Os valores que envolviam a ida de Danilo para o Vasco eram altos para a época: 90 contos de réis de luvas e 2 contos por mês ao atleta. O América levou 400 contos mais a bilheteria daqueles dois jogos contra o Vasco. Investimento que valeu a pena porque deslocaram Ely do Amparo para a lateral-direita e Danilo manteve-se como centromédio [volante] e, posteriormente, grande líder da meia cancha vascaína até 1953. Teve, contudo, de cumprir espinhosa missão no início: ocupar a lacuna deixada por Fausto, a “Maravilha Negra”, centromédio ídolo da torcida nos anos de 1920 e 30. Danilo não decepcionou. Disputou pouco mais de 300 jogos com a camisa vascaína. Seus passes milimétricamente precisos alimentavam um ataque onde sobravam craques. Na primeira leva, Danilo jogou com Isaías, Jair Rosa Pinto e Lelé. Na segunda, com Tesourinha, Ademir de Menezes, Ipojucan, Maneca, Dimas, Chico e Friaça. Um Vasco impiedoso com os adversários, entre os quais o badalado River Plate de Di Stéfano, Labruna e Lostau. A turma da fuzarca não tomou conhecimento dos argentinos e fez do Vasco o primeiro clube campeão sul-americano, em 1948, em Santiago do Chile. Um ano depois da estupenda campanha, Danilo e o Vasco enfrentaram o Arsenal e impuseram aos ingleses a primeira derrota por estas paragens.

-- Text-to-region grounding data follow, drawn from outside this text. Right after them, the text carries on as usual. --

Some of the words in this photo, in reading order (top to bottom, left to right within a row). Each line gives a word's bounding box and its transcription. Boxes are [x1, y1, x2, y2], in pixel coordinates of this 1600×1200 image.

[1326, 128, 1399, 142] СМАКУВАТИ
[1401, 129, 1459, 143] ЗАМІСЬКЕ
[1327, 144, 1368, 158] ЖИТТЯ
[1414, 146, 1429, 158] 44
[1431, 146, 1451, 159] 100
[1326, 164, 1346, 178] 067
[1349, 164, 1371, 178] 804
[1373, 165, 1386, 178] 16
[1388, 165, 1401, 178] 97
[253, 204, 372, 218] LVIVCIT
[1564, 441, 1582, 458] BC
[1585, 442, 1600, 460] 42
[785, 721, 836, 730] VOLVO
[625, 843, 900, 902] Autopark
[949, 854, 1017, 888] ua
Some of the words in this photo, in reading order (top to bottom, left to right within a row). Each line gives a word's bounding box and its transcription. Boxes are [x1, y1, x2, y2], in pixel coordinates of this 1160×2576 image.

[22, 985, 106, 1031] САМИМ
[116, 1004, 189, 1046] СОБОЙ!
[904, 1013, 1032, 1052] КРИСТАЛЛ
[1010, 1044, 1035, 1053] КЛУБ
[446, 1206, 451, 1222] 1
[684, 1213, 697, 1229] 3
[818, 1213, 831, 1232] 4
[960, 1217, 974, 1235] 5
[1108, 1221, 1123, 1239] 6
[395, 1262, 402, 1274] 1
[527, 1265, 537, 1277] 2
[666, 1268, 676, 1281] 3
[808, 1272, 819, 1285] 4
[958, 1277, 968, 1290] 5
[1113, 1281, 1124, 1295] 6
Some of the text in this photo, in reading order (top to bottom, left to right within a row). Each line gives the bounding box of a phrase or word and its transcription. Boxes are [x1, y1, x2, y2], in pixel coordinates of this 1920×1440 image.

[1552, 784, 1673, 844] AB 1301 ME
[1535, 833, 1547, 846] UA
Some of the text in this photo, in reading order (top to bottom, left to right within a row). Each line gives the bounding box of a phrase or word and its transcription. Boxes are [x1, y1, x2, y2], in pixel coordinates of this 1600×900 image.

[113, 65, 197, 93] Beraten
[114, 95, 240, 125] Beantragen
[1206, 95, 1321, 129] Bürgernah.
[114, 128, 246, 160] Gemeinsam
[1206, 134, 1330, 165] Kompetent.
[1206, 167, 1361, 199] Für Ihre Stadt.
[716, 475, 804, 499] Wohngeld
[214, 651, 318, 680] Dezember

Show de bola no gramado e no altar, mas escondido. Contrariando os pais, Danilo casou-se com a ex-bailarina de cabaré Zelinda Tojal, exatamente dez anos mais velha que ele, que incorporou “Alvim” ao sobrenome. O casório na encolha — sacramentado pelo juiz Luciano Álvares Ferreira da Silva — e a lua de mel foram em Vassouras, em junho de 1948. Dias de sumiço que preocuparam a família de Danilo. Até a polícia foi acionada para tentar localizá-lo após queixa do pai ao delegado, pedindo garantias de vida para o filho. Quando o craque reapareceu, já usava no dedo anelar da mão esquerda uma reluzente aliança de ouro. Alcídio e Edite tiveram de aceitar Zelinda como novo membro dos Alvim. Mas muito a contragosto. O casamento estava marcado para o dia 25 de maio, mas Alcídio, na última hora, reteve Danilo em seu escritório. Com isso, o craque não compareceu à pretoria, deixando a noiva esperando-o. Danilo estava “dividido”, segundo reportagem de Jean Manzon[3]. Chegara a cogitar desfazer o casamento para atenuar a rusga com os pais. Mas foi o disfarce que encontrou para ludibriá-los e foi aí que escapou para o casamento às escondidas semanas depois.


Ficha no Vasco

O pai de Danilo abominava a ideia de ver o filho casado com Zelinda. No começo, tentou anular o casamento. Foram tumultos os primeiros momentos de casado do Danilo. “Meu filho, você não é um homem, é um covarde!”, chegou a ouvir do próprio pai impropérios como esse. Ramiro Simões e Seltímio Gavio, amigos de Danilo, foram testemunhas do casamento. Mas para o pai do jogador os amigos do filho não passavam de raptores. Amigas de Zenilda foram à delegacia para desfazer a tese de Alcídio. Danilo casara por livre e espontânea vontade. Após o quiproquó diante dos policiais, Danilo e Zenilda procuraram uma igreja em Olaria. No altar, acenderam velas. Era o primeiro momento de paz do casal.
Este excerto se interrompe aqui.